◆ Problem details:
An exact reproduction of the data below is expected, free of images.

◆ Material provided:

※ ※ ※

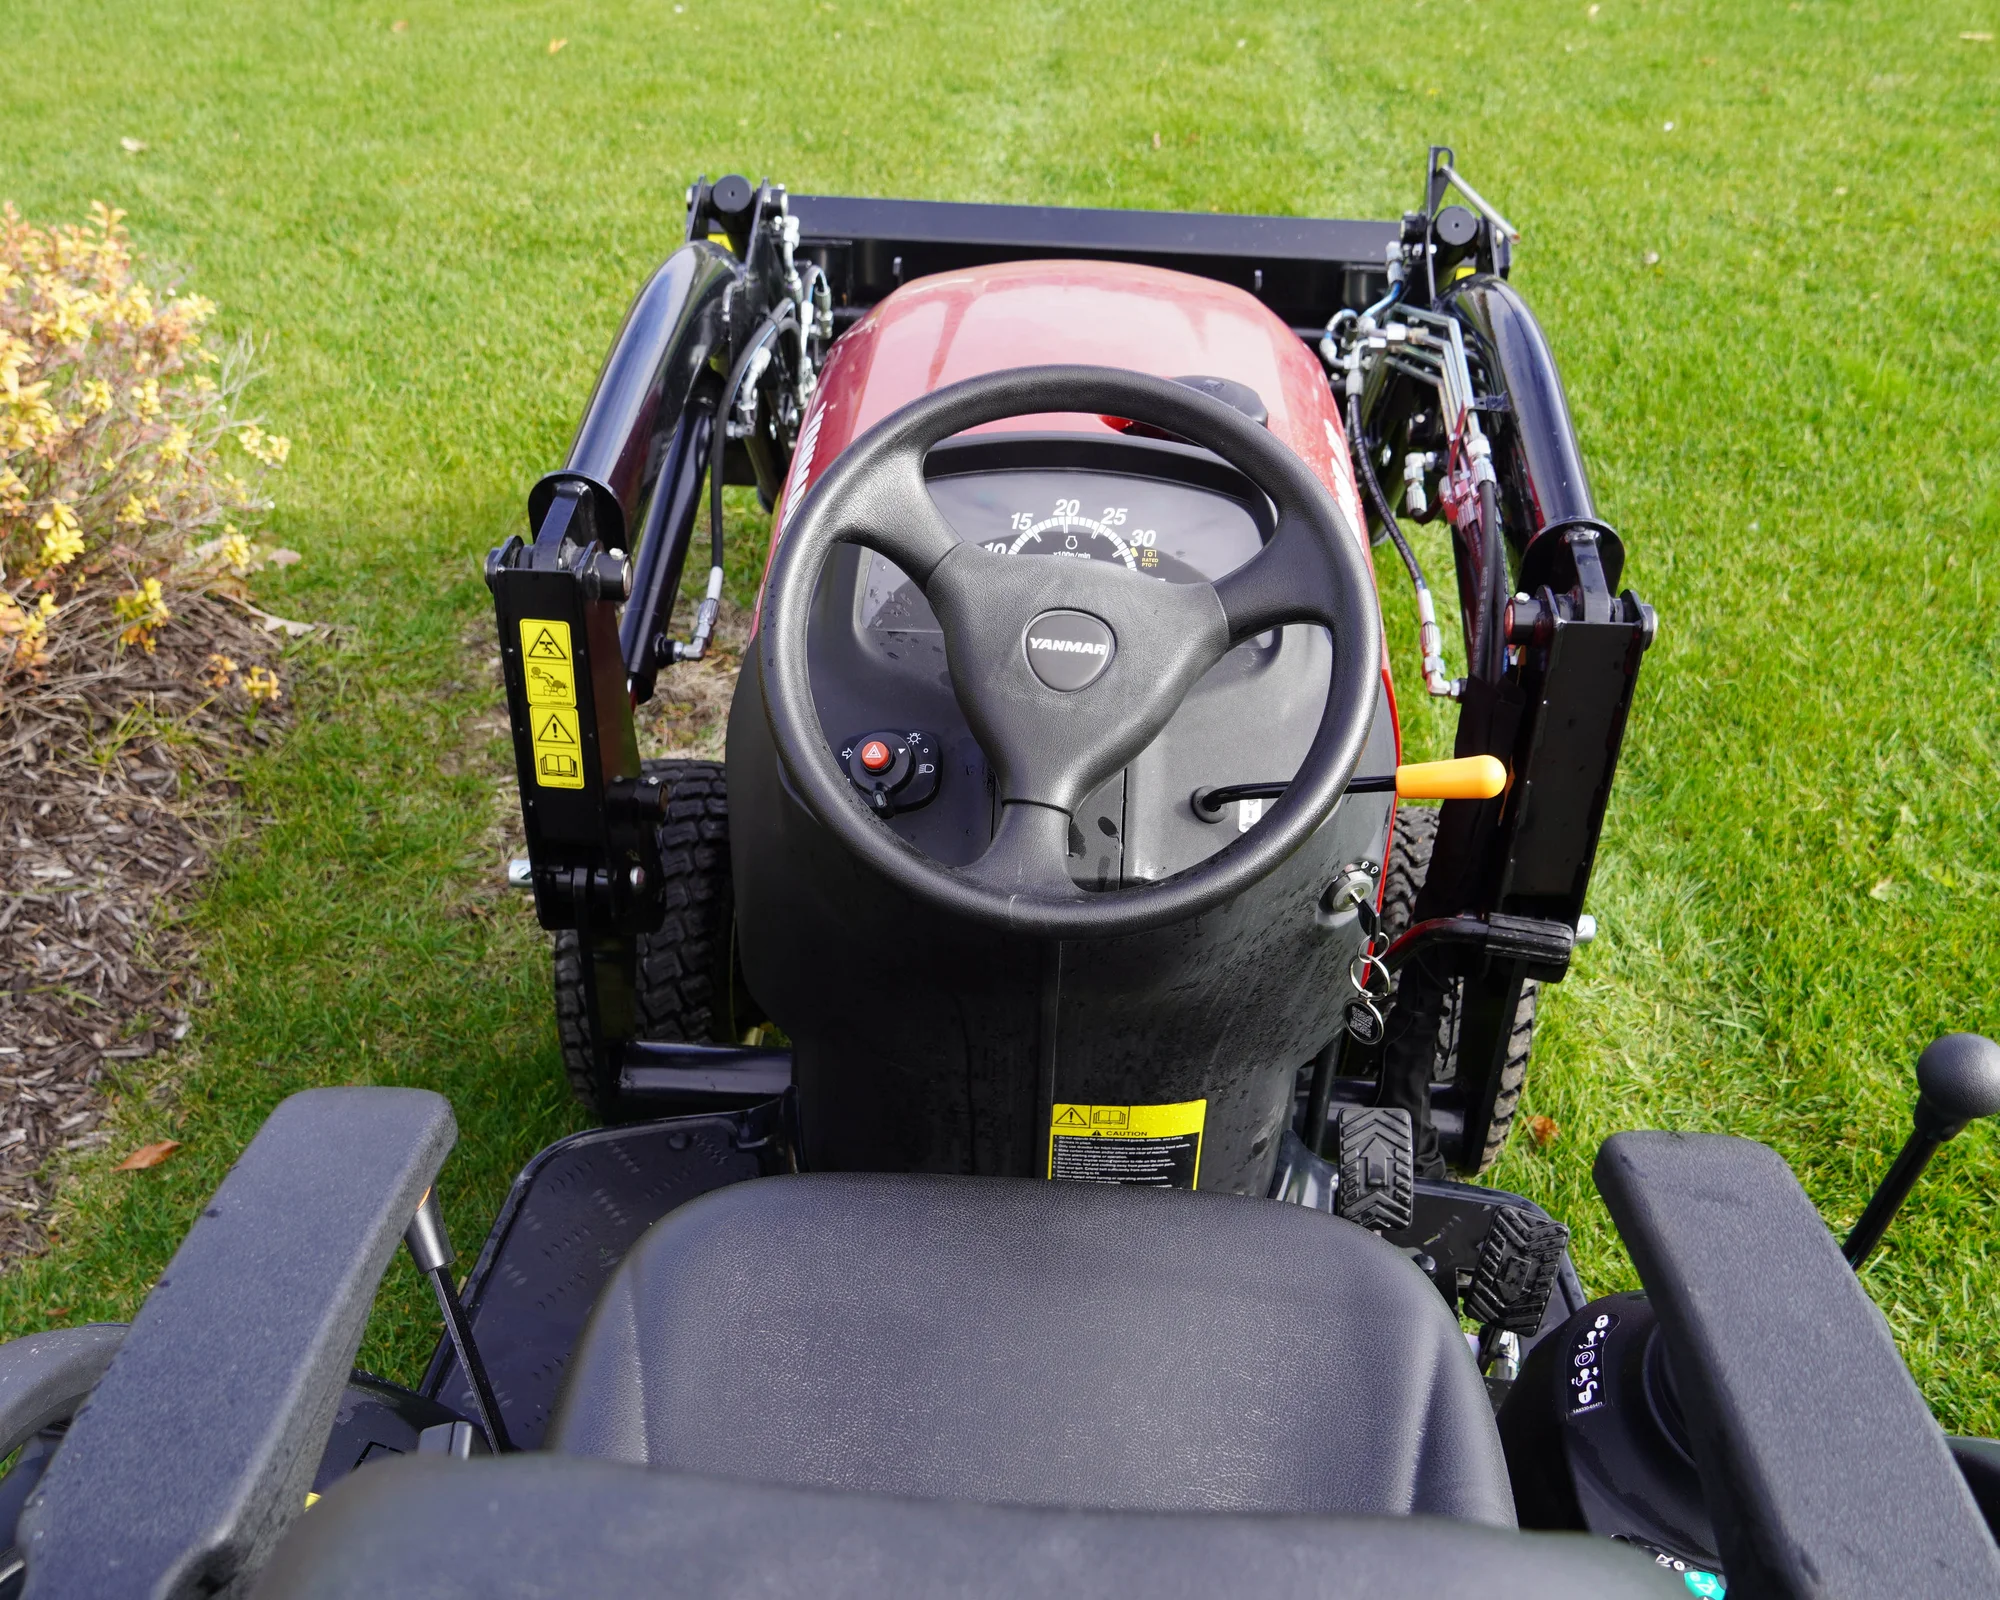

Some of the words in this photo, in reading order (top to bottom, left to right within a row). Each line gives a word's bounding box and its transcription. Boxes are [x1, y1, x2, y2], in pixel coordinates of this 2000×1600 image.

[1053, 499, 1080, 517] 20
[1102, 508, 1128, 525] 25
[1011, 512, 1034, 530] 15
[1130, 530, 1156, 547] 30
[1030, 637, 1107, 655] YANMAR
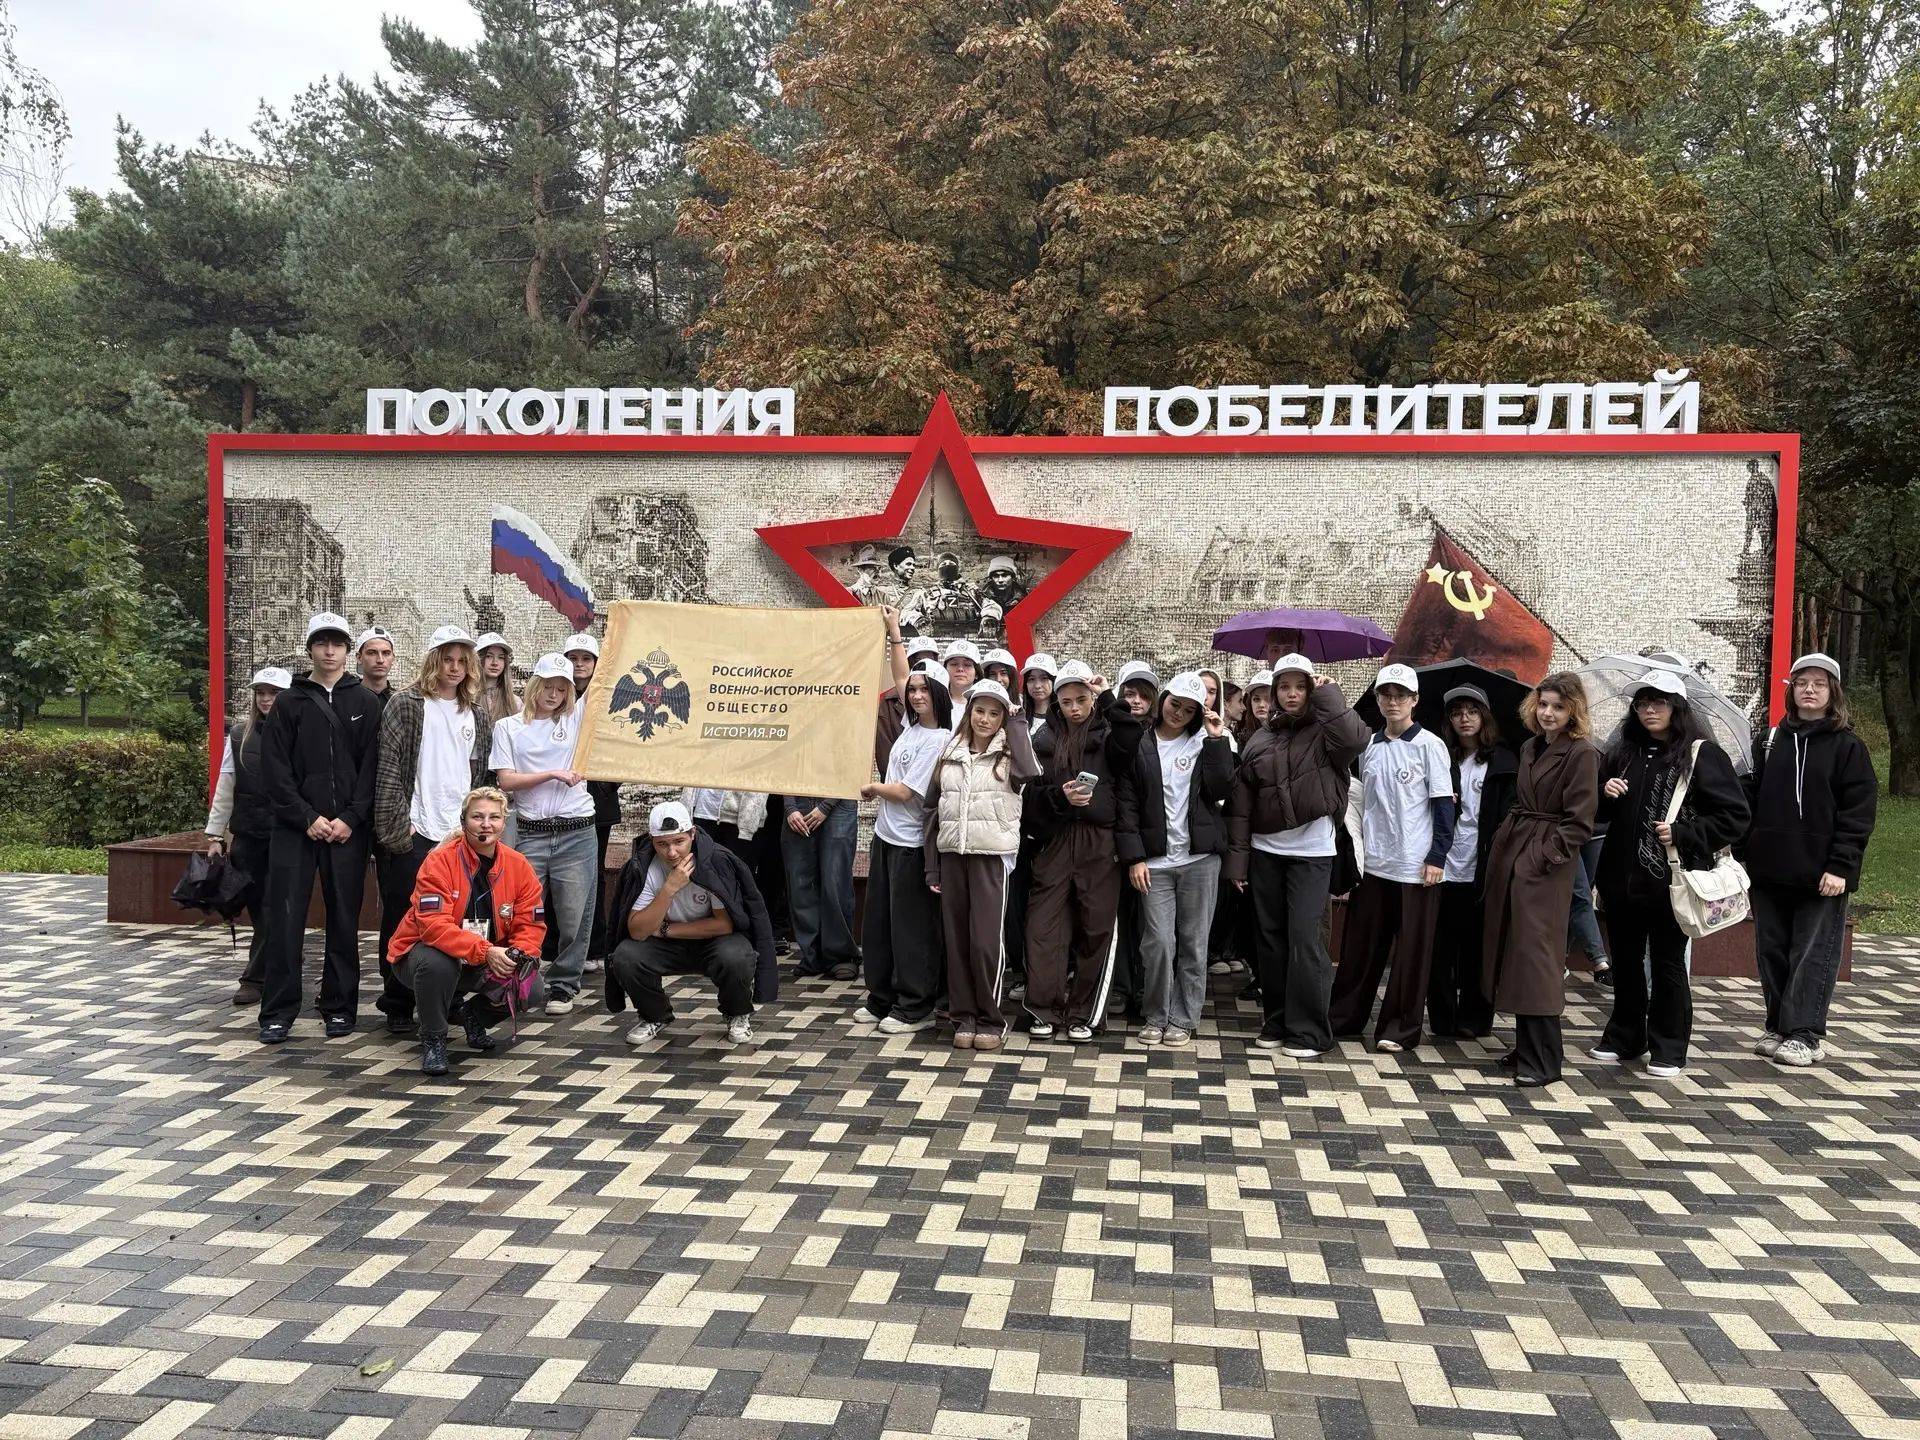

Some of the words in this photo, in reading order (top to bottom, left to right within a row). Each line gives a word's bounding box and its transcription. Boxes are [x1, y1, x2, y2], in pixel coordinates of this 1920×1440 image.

※ ※ ※

◆ Exercise response:
Some of the words in this photo, in reading order (top to bottom, left to right within a row). Each line gives a word's bounding box and its transcription. Boxes are [x1, y1, x2, y2], in pixel coordinates of this 2000×1600 image.

[1053, 499, 1080, 517] 20
[1102, 508, 1128, 525] 25
[1011, 512, 1034, 530] 15
[1130, 530, 1156, 547] 30
[1030, 637, 1107, 655] YANMAR

Some of the words in this photo, in reading order (top to bottom, left to right within a row). Each line gives a word's bounding box and its transcription. Boxes are [x1, y1, x2, y2], in pixel coordinates of this 1920×1440 image.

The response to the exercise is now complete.